Le litige opposant Microsoft au Département américain de la justice (DOJ) a rebondi de nouveau à Washington aujourd'hui, alors que le géant du logiciel défendait sa cause devant la Cour d'Appel fédérale.
Les trois juges de la Cour d'Appel, manifestement bien documentés, ont posé de dures questions aux deux parties. Mais l'audition laisse ouvertes toutes les hypothèses. De fait, la dureté des juges à l'endroit des procureurs du gouvernement a laissé croire à certains observateurs que Microsoft pourrait s'en tirer avec les honneurs de la guerre. Par contre, même si l'injonction forçant Microsoft à publier deux versions de Windows 95, l'une avec fureteur et l'autre sans, était déclarée non avenue, cette éventualité pourrait ouvrir la voie à une poursuite plus large et plus générale du géant du logiciel en vertu du Sherman Act, la loi antimonopole américaine.

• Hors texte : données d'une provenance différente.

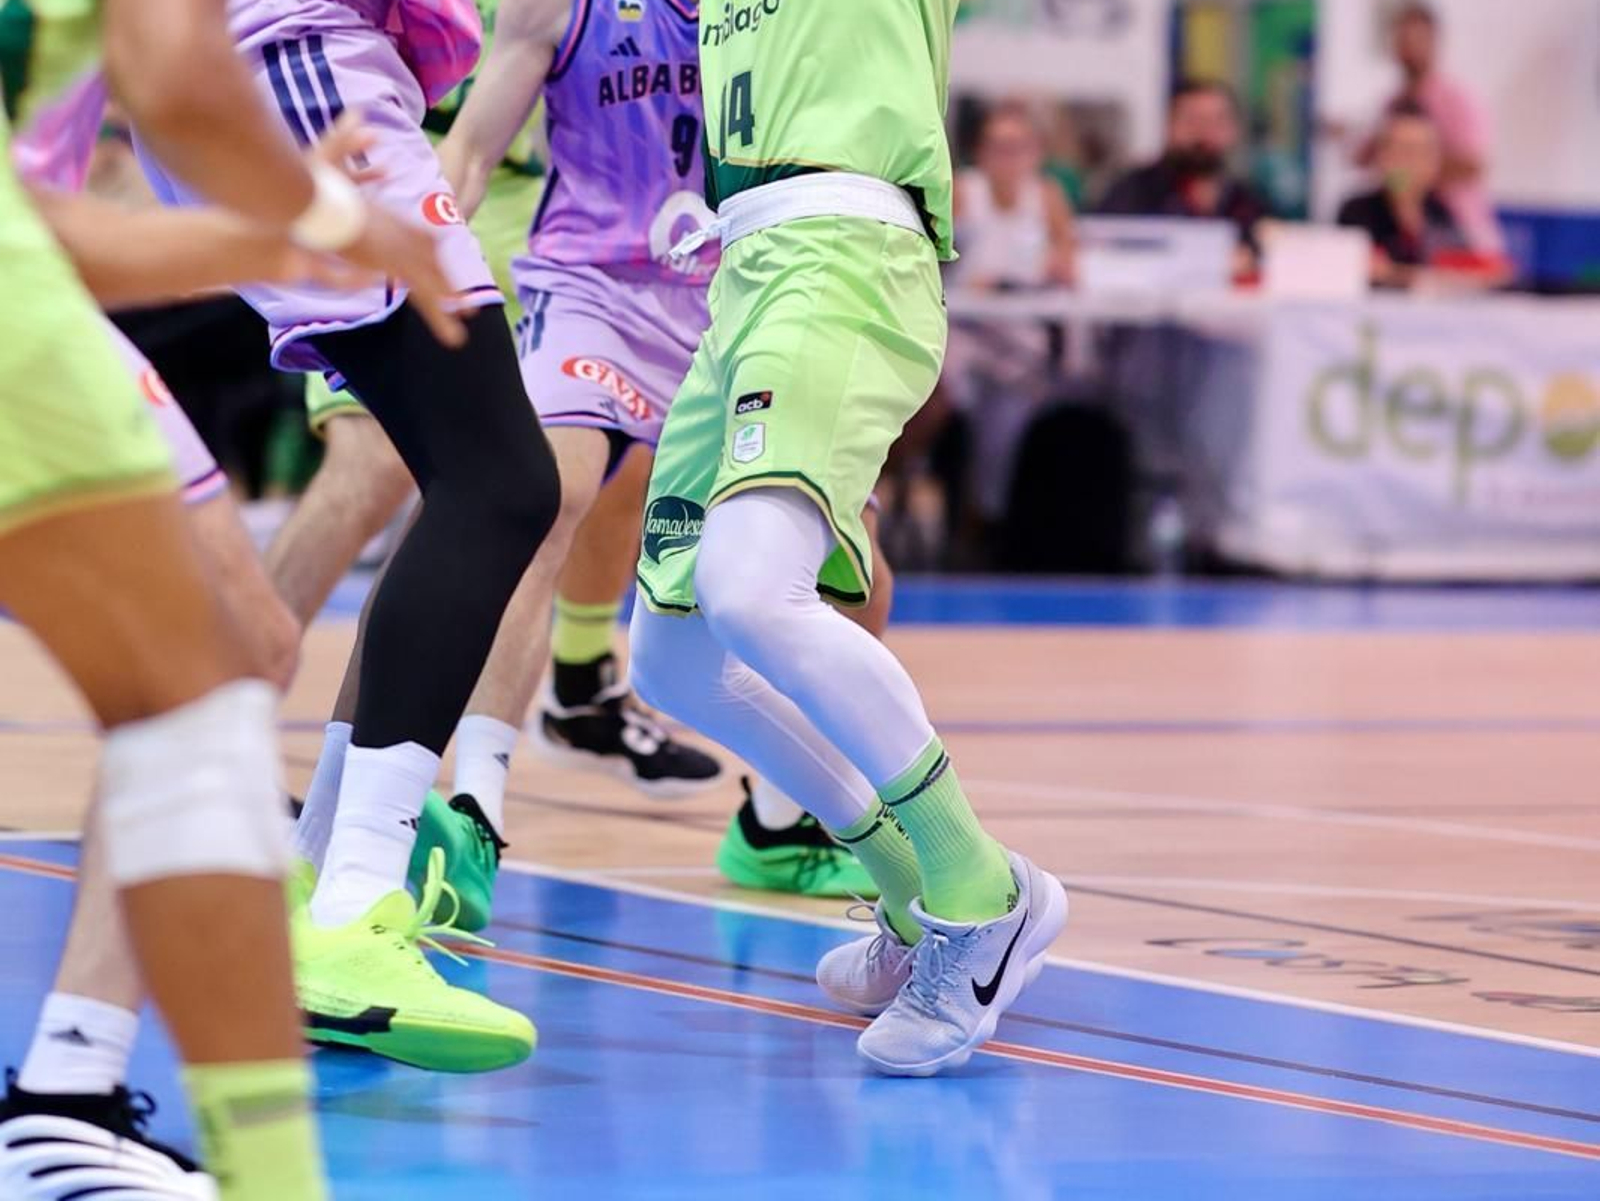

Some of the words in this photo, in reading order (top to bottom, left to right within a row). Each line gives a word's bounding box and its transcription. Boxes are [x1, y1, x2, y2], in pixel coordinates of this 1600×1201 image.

[598, 64, 671, 108] ALBA
[671, 113, 699, 179] 9
[738, 399, 763, 412] acb
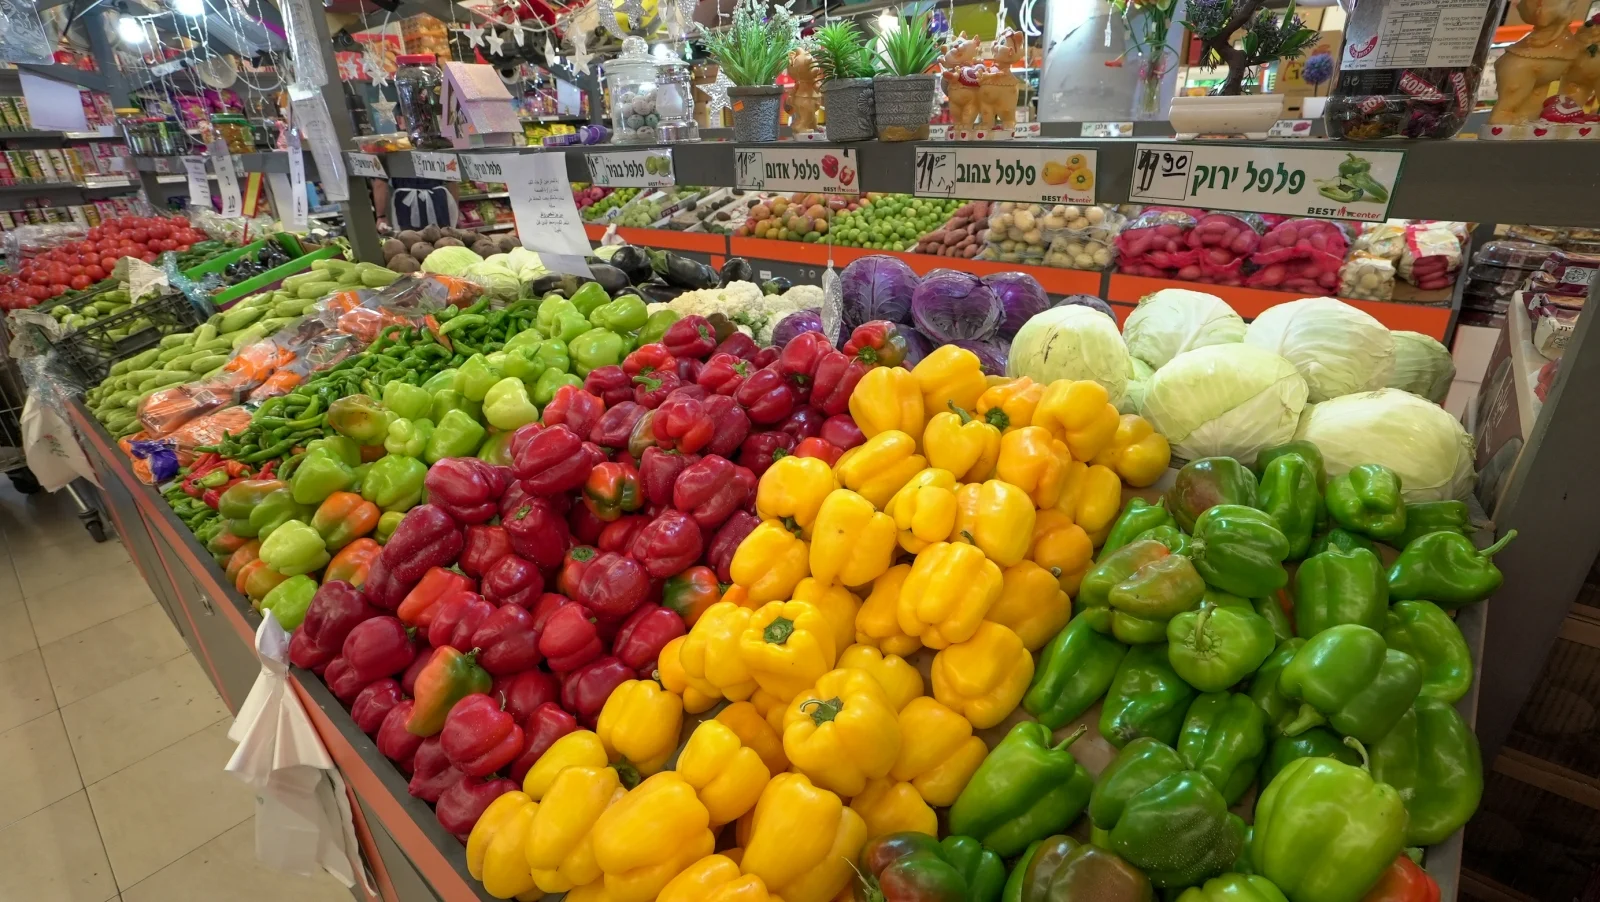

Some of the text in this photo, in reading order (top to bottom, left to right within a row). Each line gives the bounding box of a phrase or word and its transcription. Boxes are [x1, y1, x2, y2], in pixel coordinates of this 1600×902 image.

[485, 161, 502, 175] פלפל
[606, 160, 644, 178] פלפל בהיר
[766, 158, 820, 180] פלפל אדום
[956, 159, 1036, 186] פלפל צהוב
[1162, 153, 1187, 173] 90
[1190, 160, 1306, 196] פלפל ירוק
[1307, 206, 1382, 219] BEST center
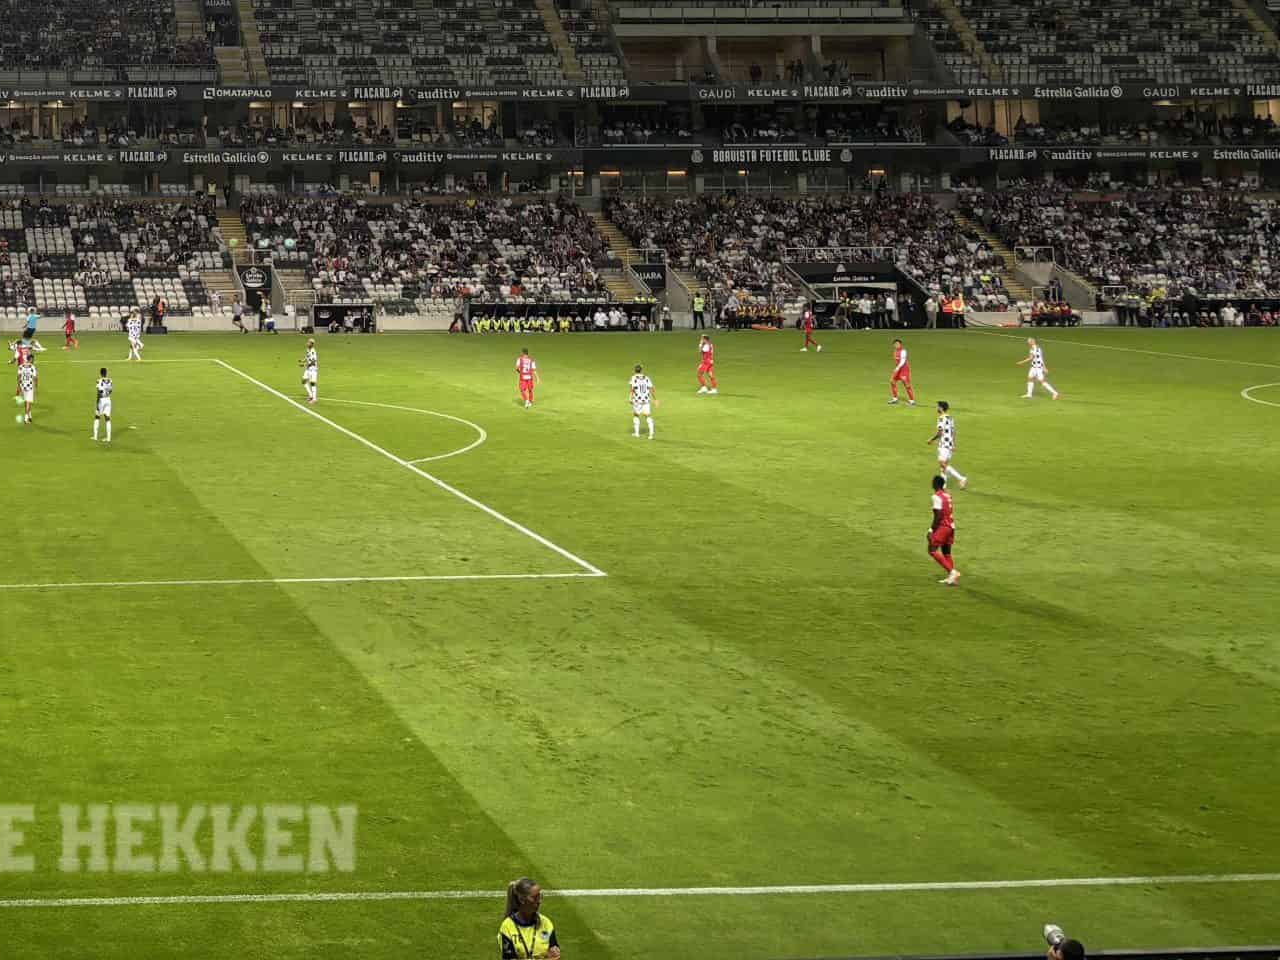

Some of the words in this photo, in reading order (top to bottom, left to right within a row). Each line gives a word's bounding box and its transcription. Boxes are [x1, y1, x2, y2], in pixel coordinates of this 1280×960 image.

[417, 88, 460, 99] auditiv
[865, 86, 908, 97] auditiv
[1034, 87, 1072, 97] Estrella
[1074, 86, 1109, 97] Galicia
[183, 152, 221, 163] Estrella
[222, 152, 257, 163] Galicia
[401, 152, 443, 162] auditiv
[712, 149, 757, 162] BOAVISTA
[802, 149, 831, 162] CLUBE
[1051, 150, 1092, 160] auditiv
[1213, 149, 1249, 160] Estrella
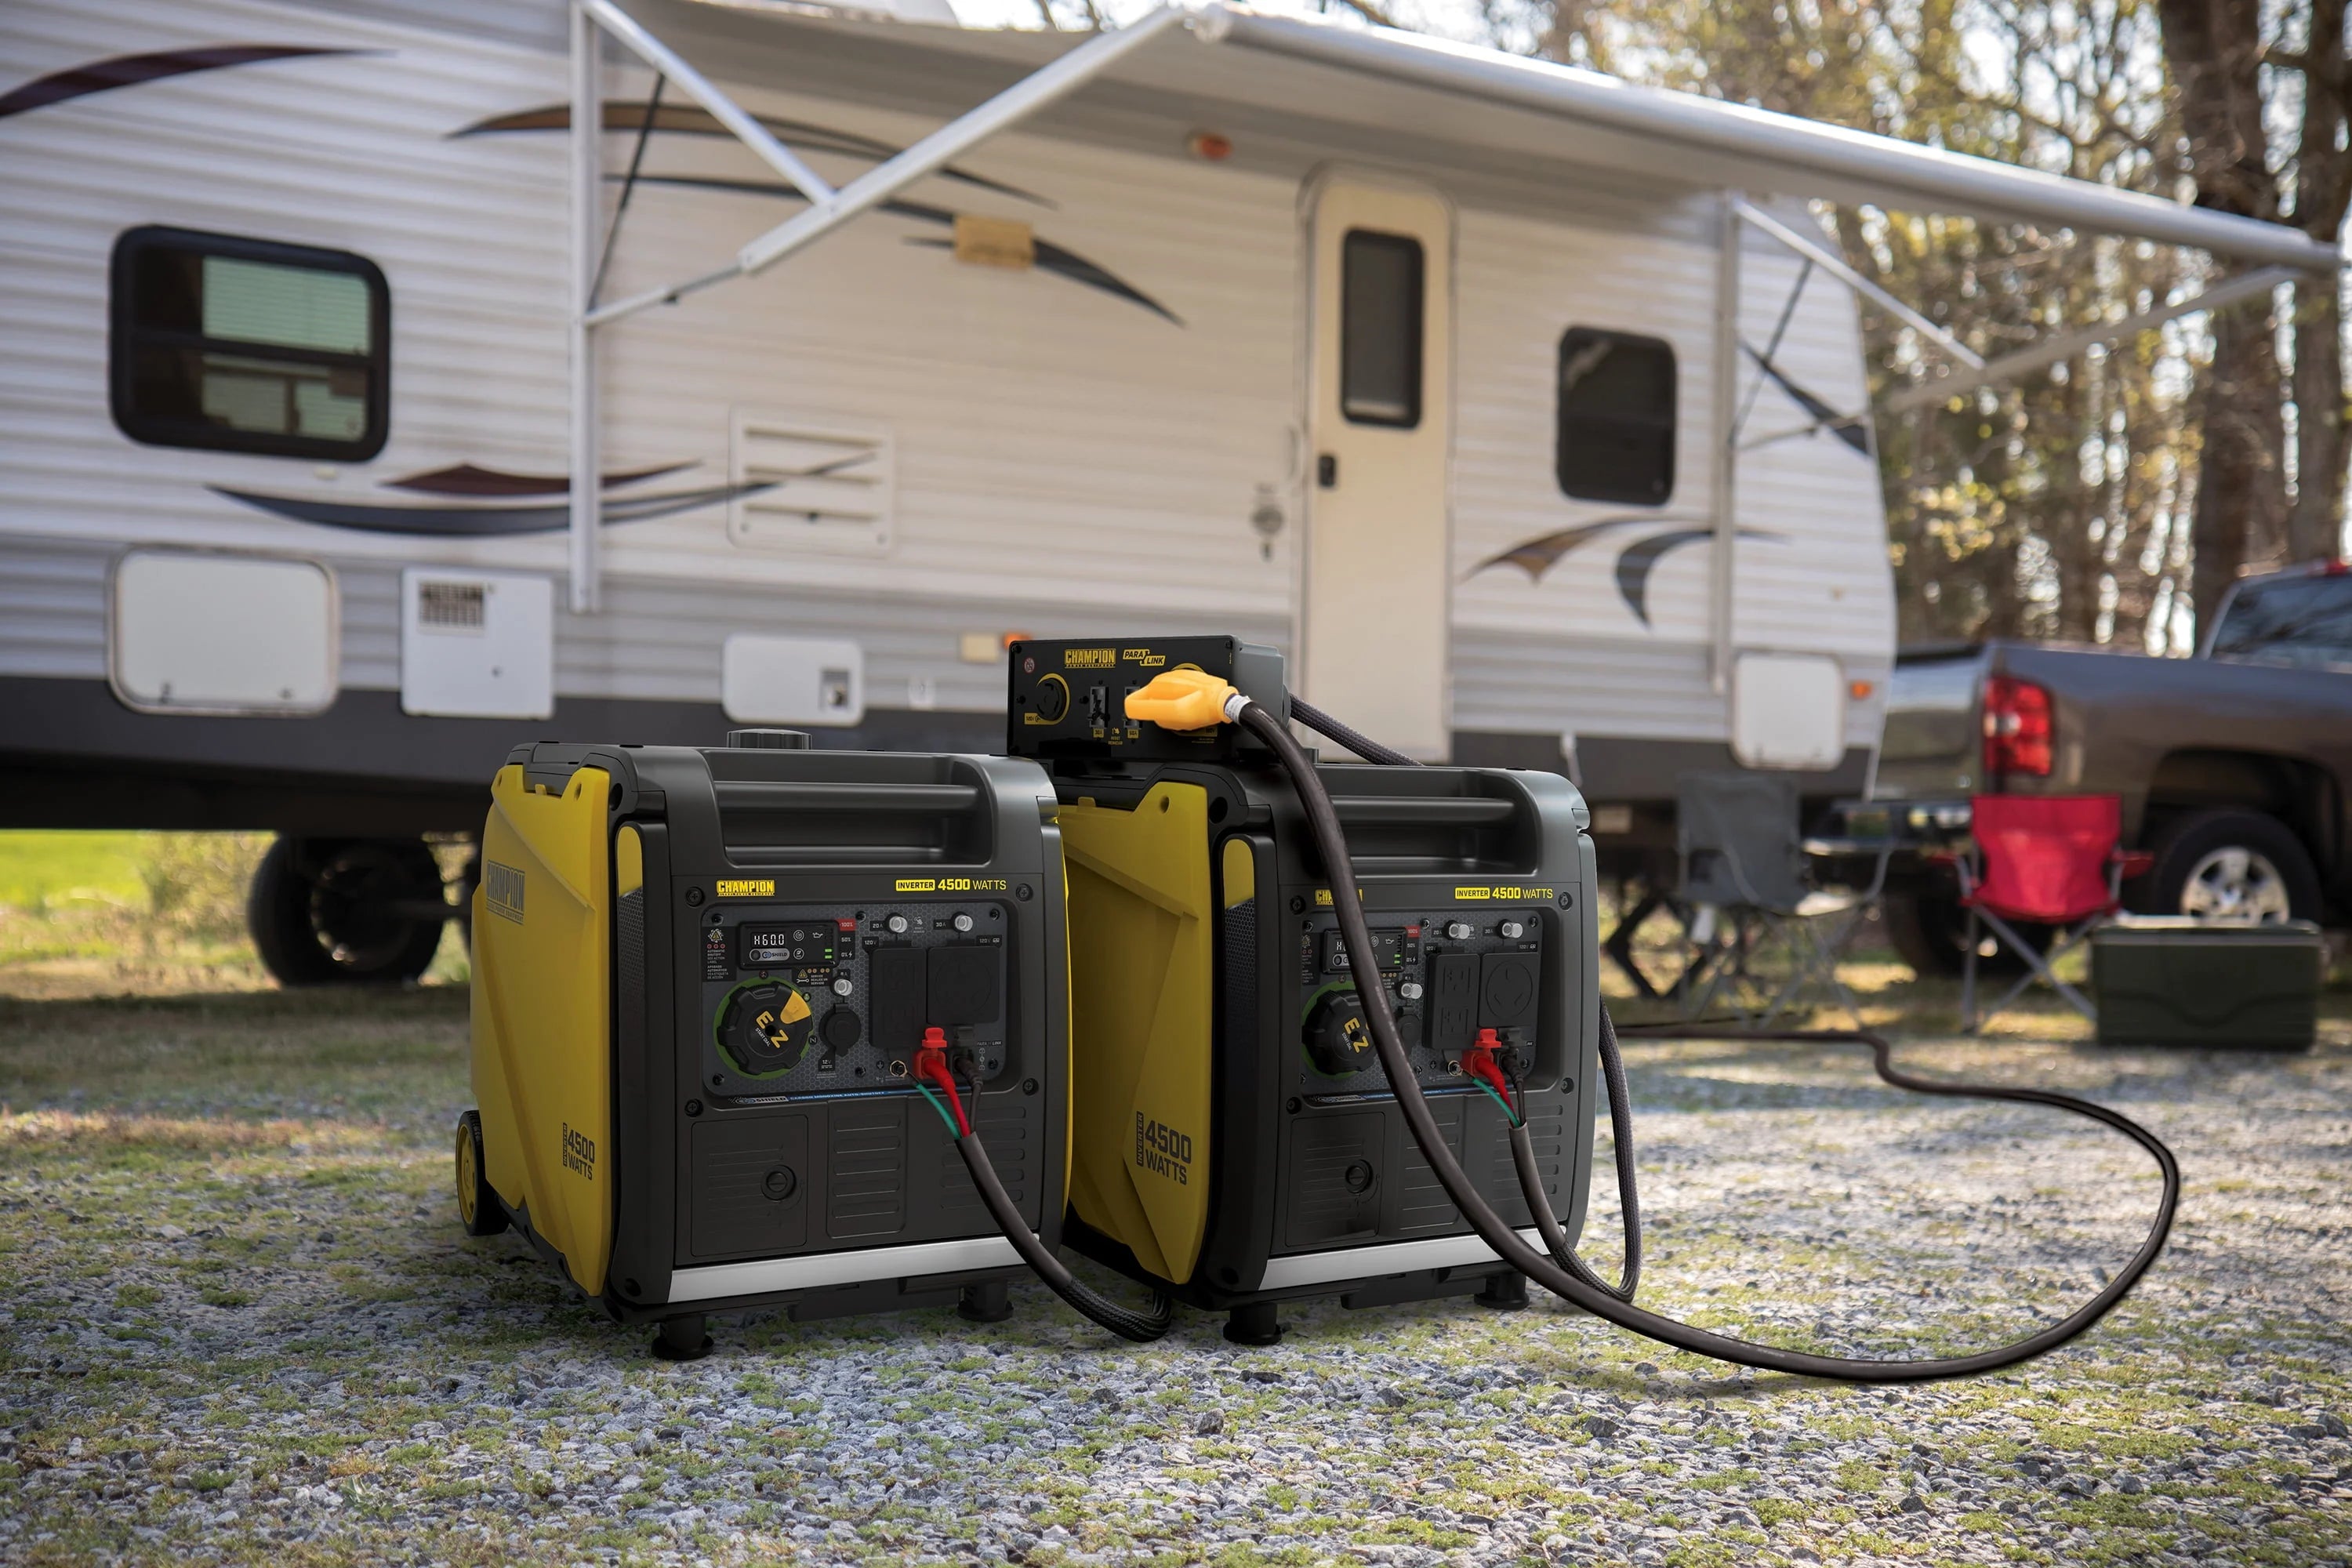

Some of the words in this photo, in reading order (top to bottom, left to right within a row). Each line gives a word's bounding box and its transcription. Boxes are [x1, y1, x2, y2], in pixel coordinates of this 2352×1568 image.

En somme, peu importe la décision que prendra la Cour d'Appel, il semble assuré que Microsoft continuera d'avoir maille à partir avec le gouvernement américain dans les mois à venir. Au point même où la sortie officielle de Windows 98 le 25 juin pourrait être retardée, sinon compromise.
Pendant ce temps, un mouvement anti-Microsoft qui dépasse largement les concurrents commerciaux de Microsoft s'organise aux États-Unis sous le nom de ProComp (Project to Promote Competition and Innovation in the Digital Age). Hier, le mouvement a reçu l'appui de l'ancien candidat à la présidence Bob Dole et de plusieurs entreprises de secteurs aussi divers que les entreprises de presse, les compagnies aériennes et les sociétés touristiques.